Mt. Wheeler towers about the Great Basin, and due to access on the paved scenic drive, visitors can tour past the 10,000 foot mark of this 13,000 foot mountain. Stop at the Bristlecone Parking Area near Wheeler Peak Campground to hike the Alpine Lakes Loop Trail (2.7 miles), a fairly strenuous climb past two pristine lakes and through high alpine forests. If that’s not for you and your family, other hikes are available. Take care as you climb in altitude: drink lots of water and take it easy until you get used to it!

Stargazing is a major facet of Great Basin National Park’s junior ranger and campground programs, so be sure to attend one of their nighttime presentations or night walks. As (bad) luck would have it, our arrival brought overcast skies, so we missed out on this wonder during our visit!
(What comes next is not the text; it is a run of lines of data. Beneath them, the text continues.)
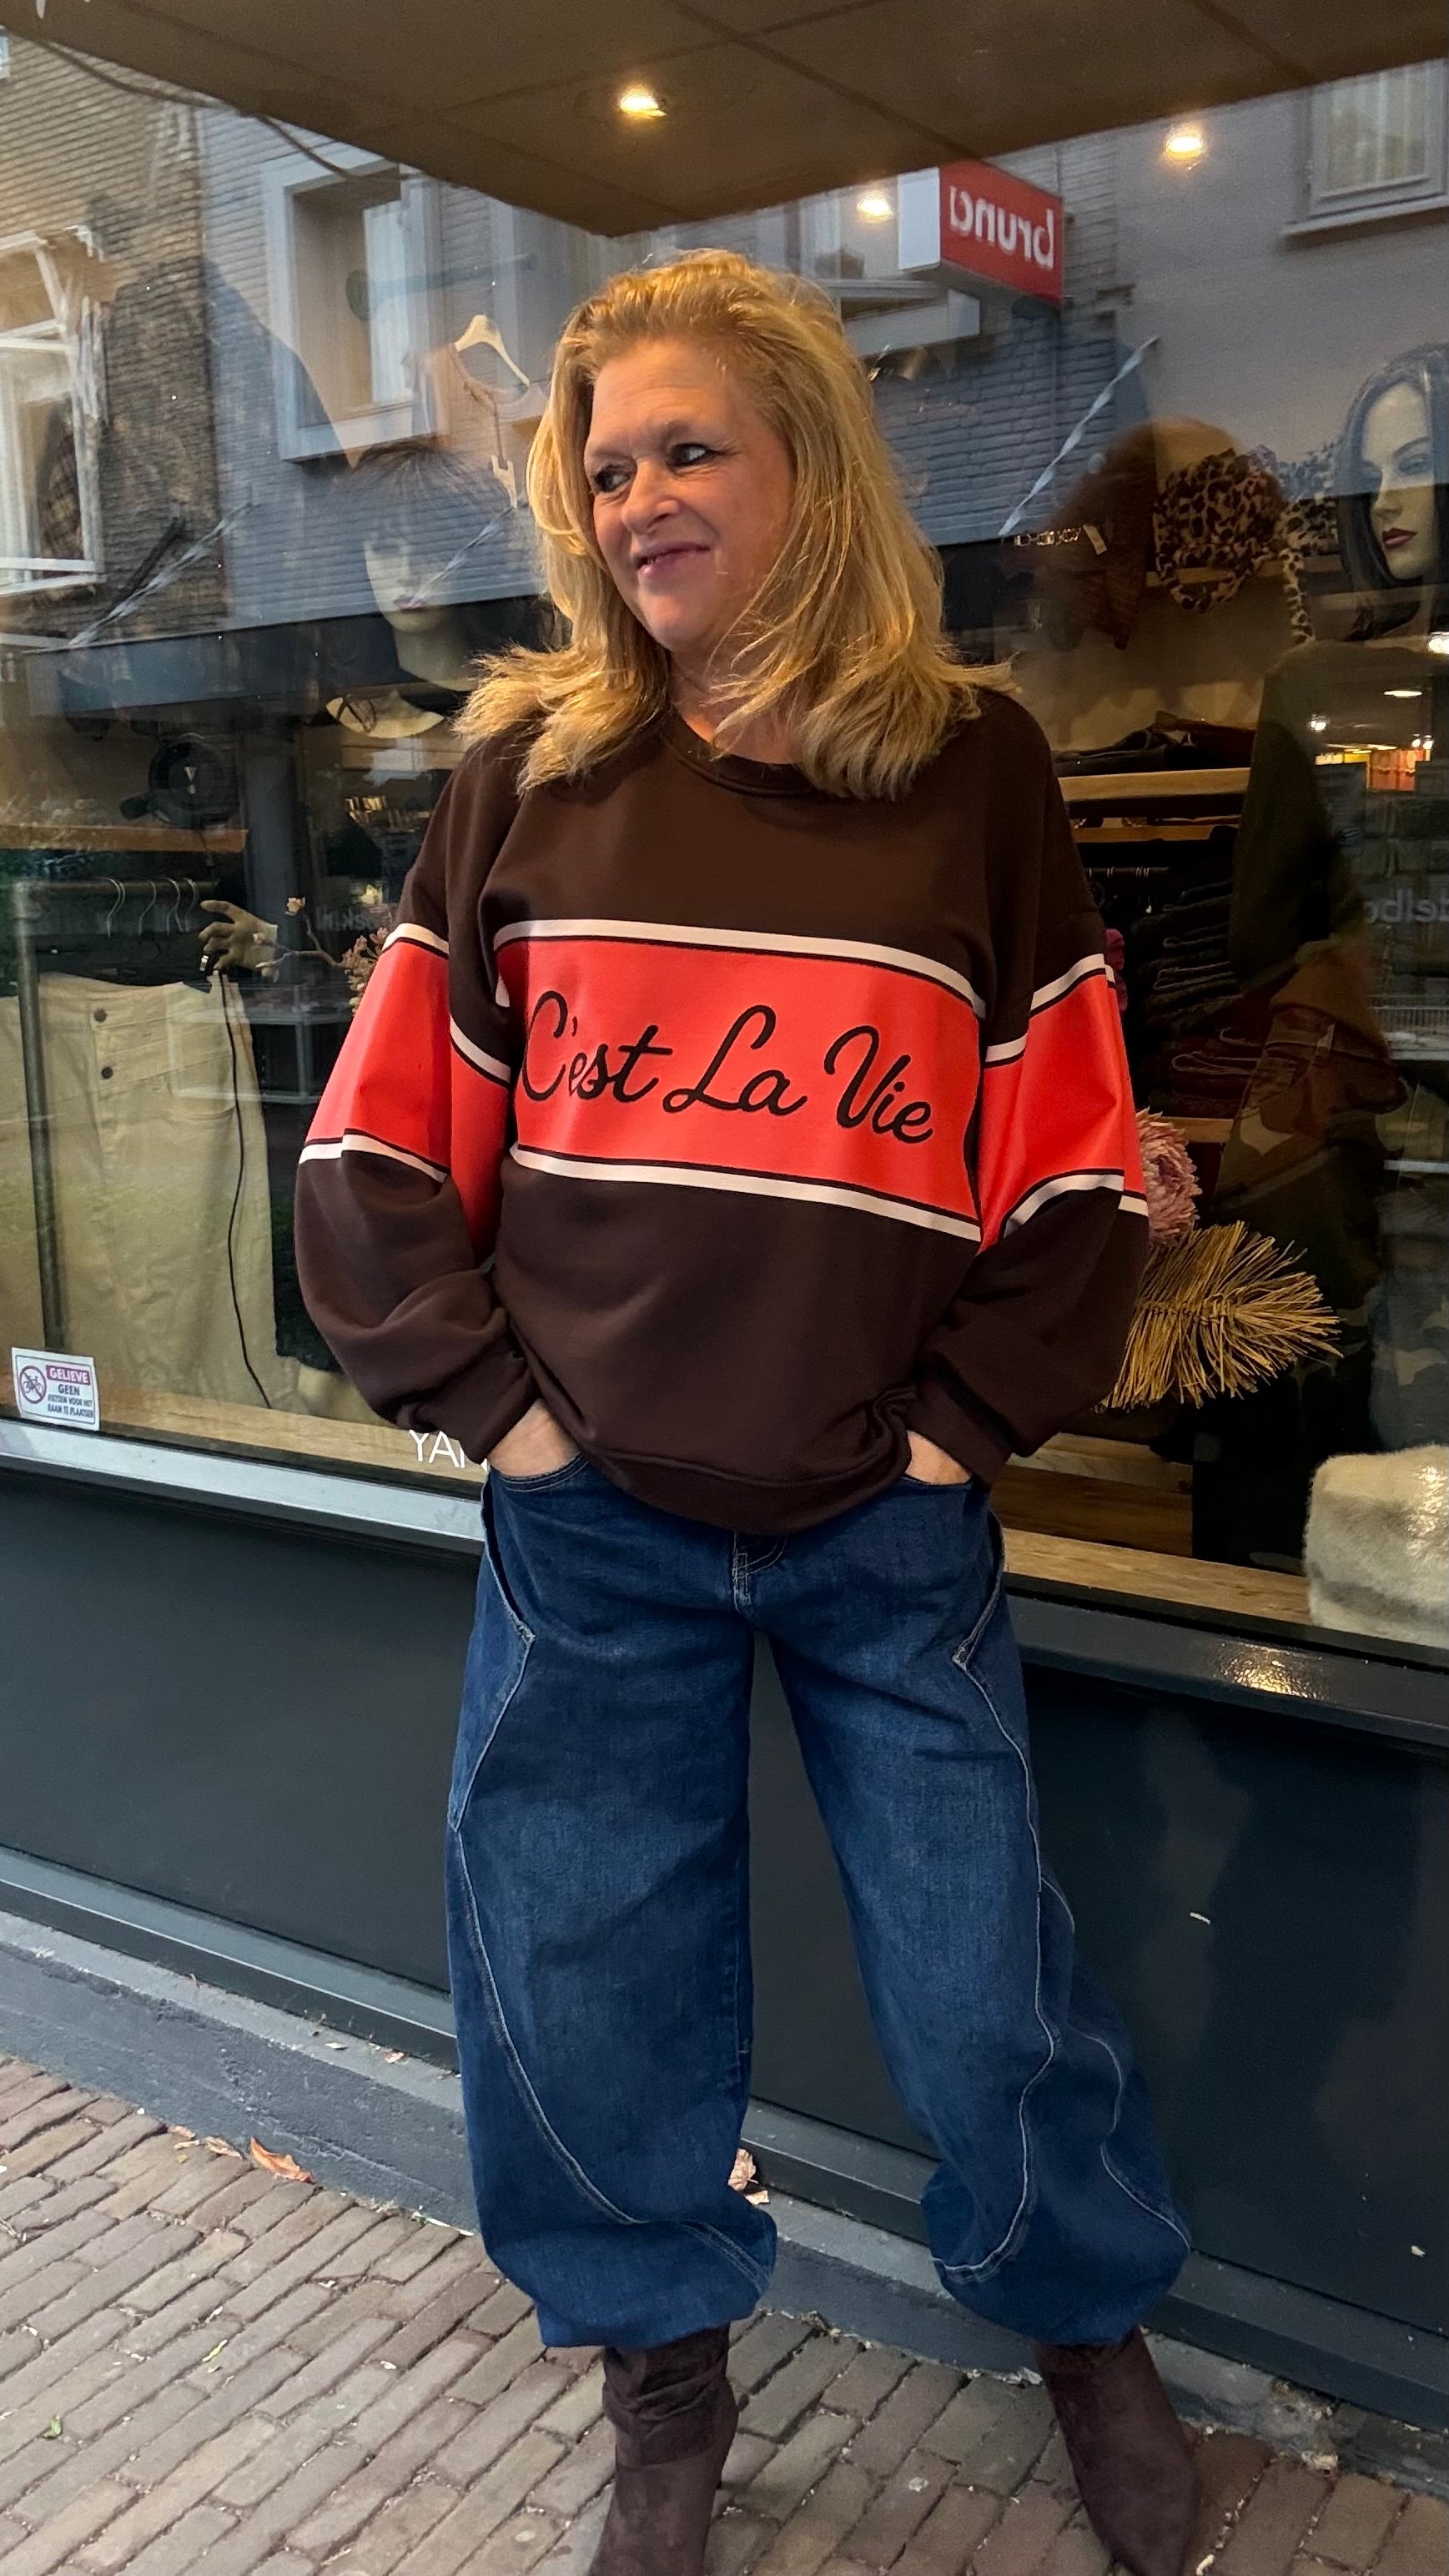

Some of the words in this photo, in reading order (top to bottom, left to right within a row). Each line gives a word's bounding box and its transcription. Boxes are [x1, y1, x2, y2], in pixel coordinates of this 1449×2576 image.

[522, 990, 673, 1102] C'est
[662, 1004, 808, 1116] La
[823, 1024, 933, 1144] Vie
[49, 1367, 88, 1383] GELIEVE
[58, 1383, 80, 1396] GEEN
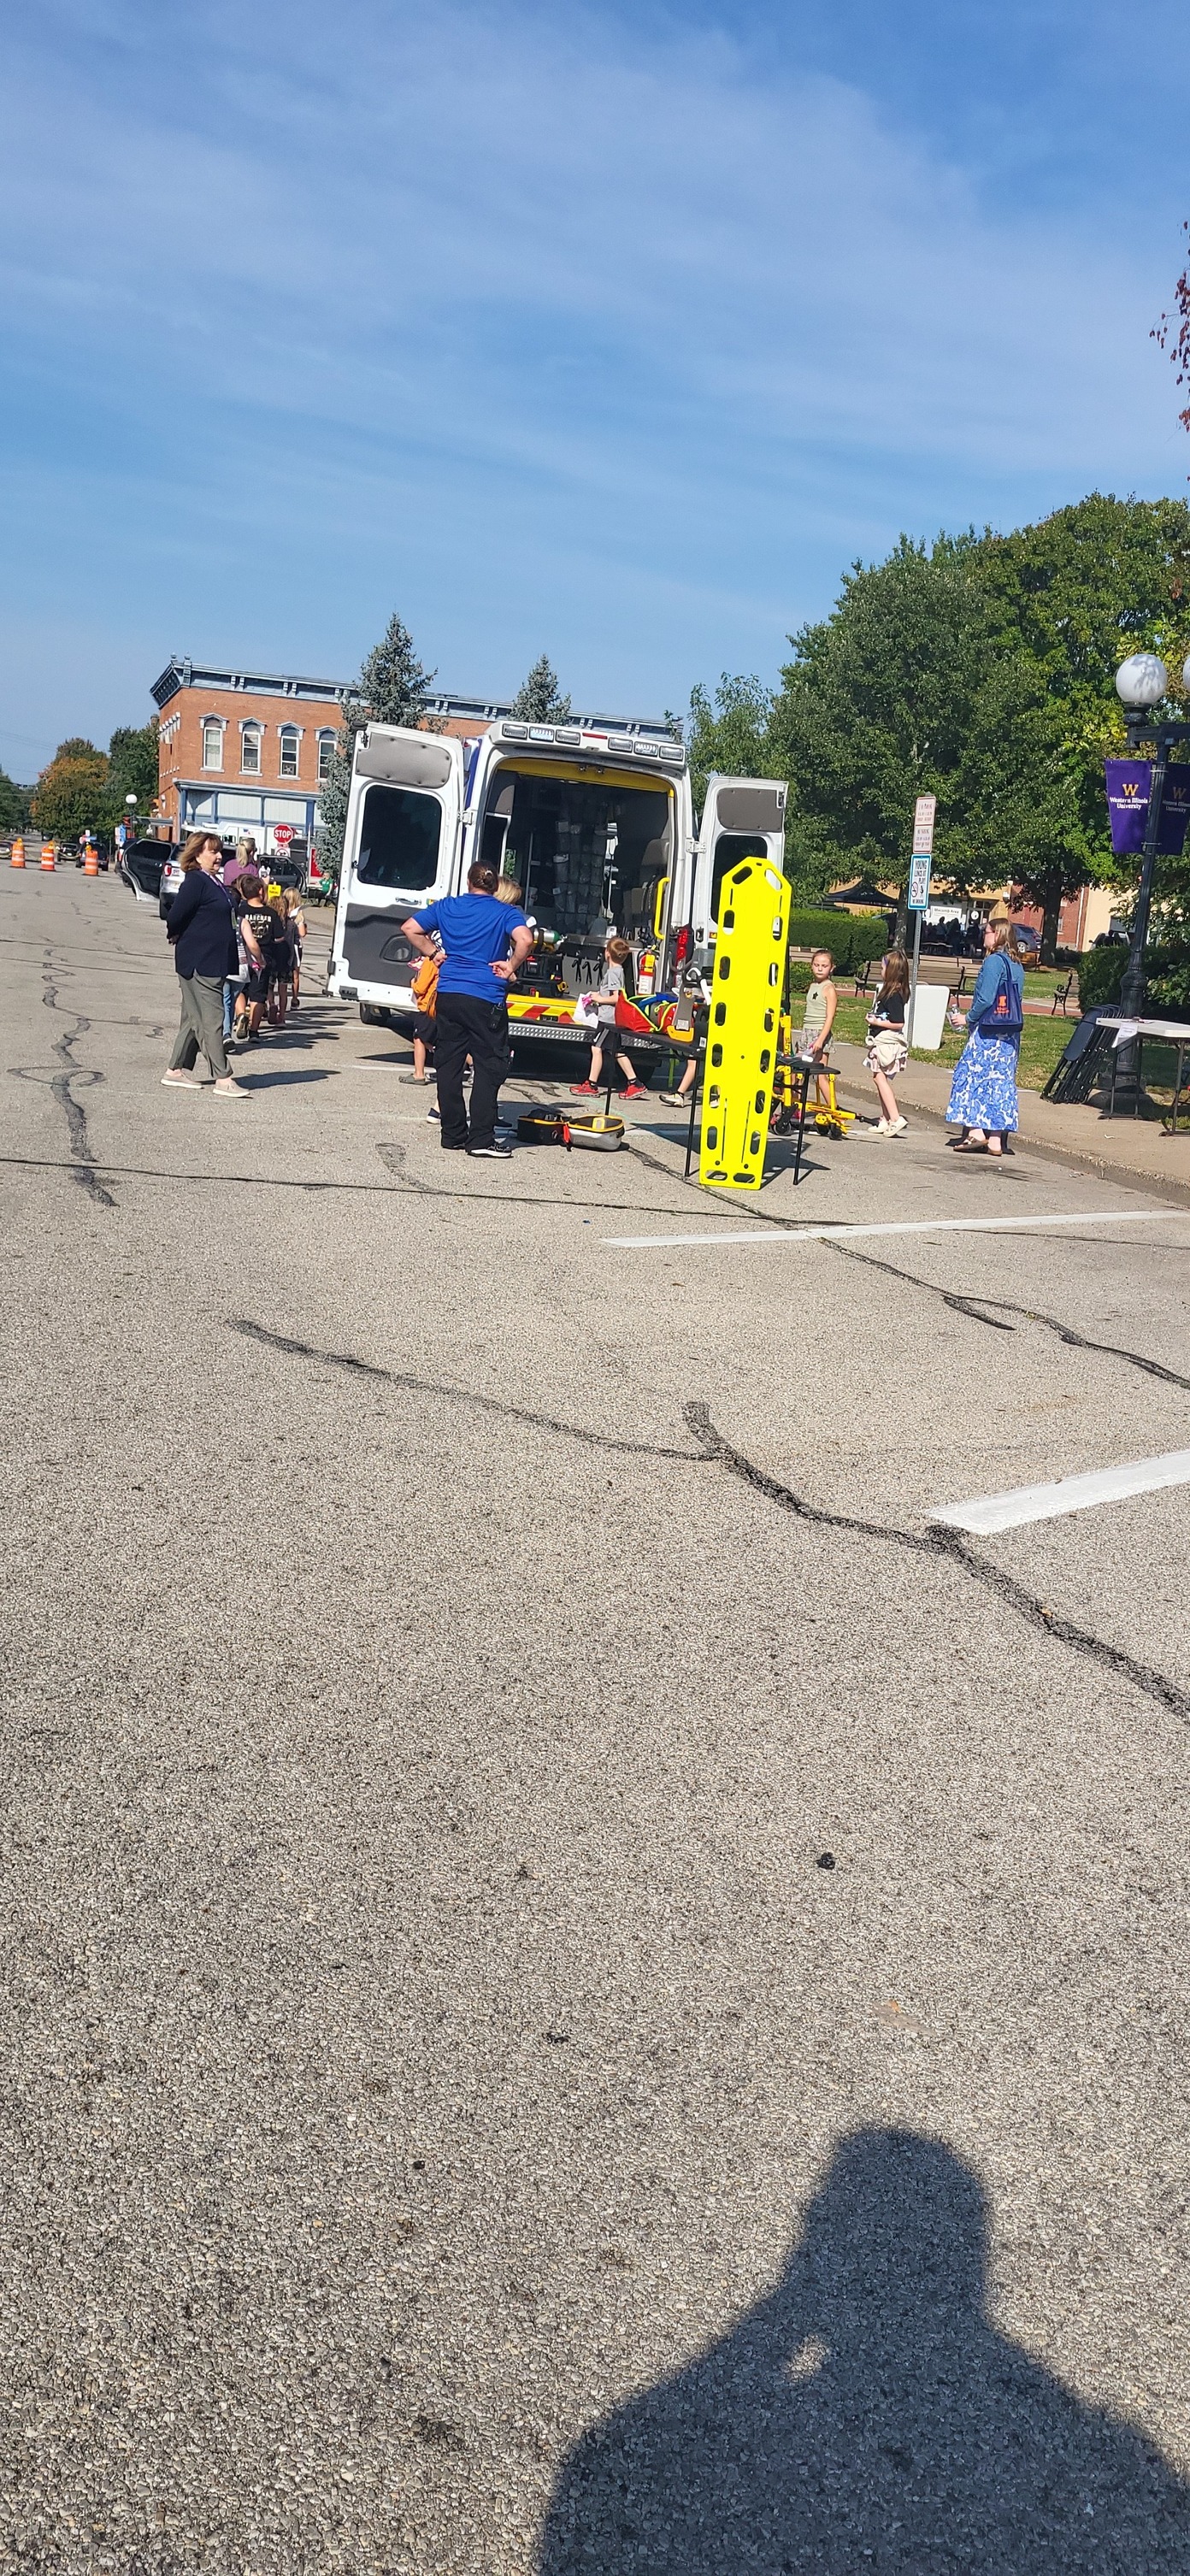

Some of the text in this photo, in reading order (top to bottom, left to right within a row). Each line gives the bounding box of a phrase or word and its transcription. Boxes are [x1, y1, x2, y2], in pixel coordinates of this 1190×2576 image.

Where to stay: There are few choices in Baker, NV, so plan ahead! If you’re camping, consider staying in the alpine area of the national park; it’s beautiful, but gets unexpectedly cold at night! If you’re looking for a motel or cabin, your options are limited. We stayed at the Border Inn, which was comfortable enough for a 1-2 night stay (although the rooms are very small). The grounds are nothing to look at (a service station/restaurant/motel complex right on Hwy 50), but the full-service restaurant was friendly and offered a good breakfast, and the stars at night made up for any lack of landscaping or decor. A few other motels/cabins exist in Baker, but after driving past them several times to and from the national park, we felt they were all more or less cut of the same (serviceable) cloth.

Inside the Lehman Caves.

Where to eat: A great dinner spot can be found at T&D’s, a friendly Mexican/Italian/American restaurant. Yes, all three! We had Mexican food, and found it quite good. If I recall, the kids ate pizza. There’s a small grocery store attached, but if you’re only in Baker a few days, it’s better to eat out or bring your own food in; grocery prices are high and the selection is limited.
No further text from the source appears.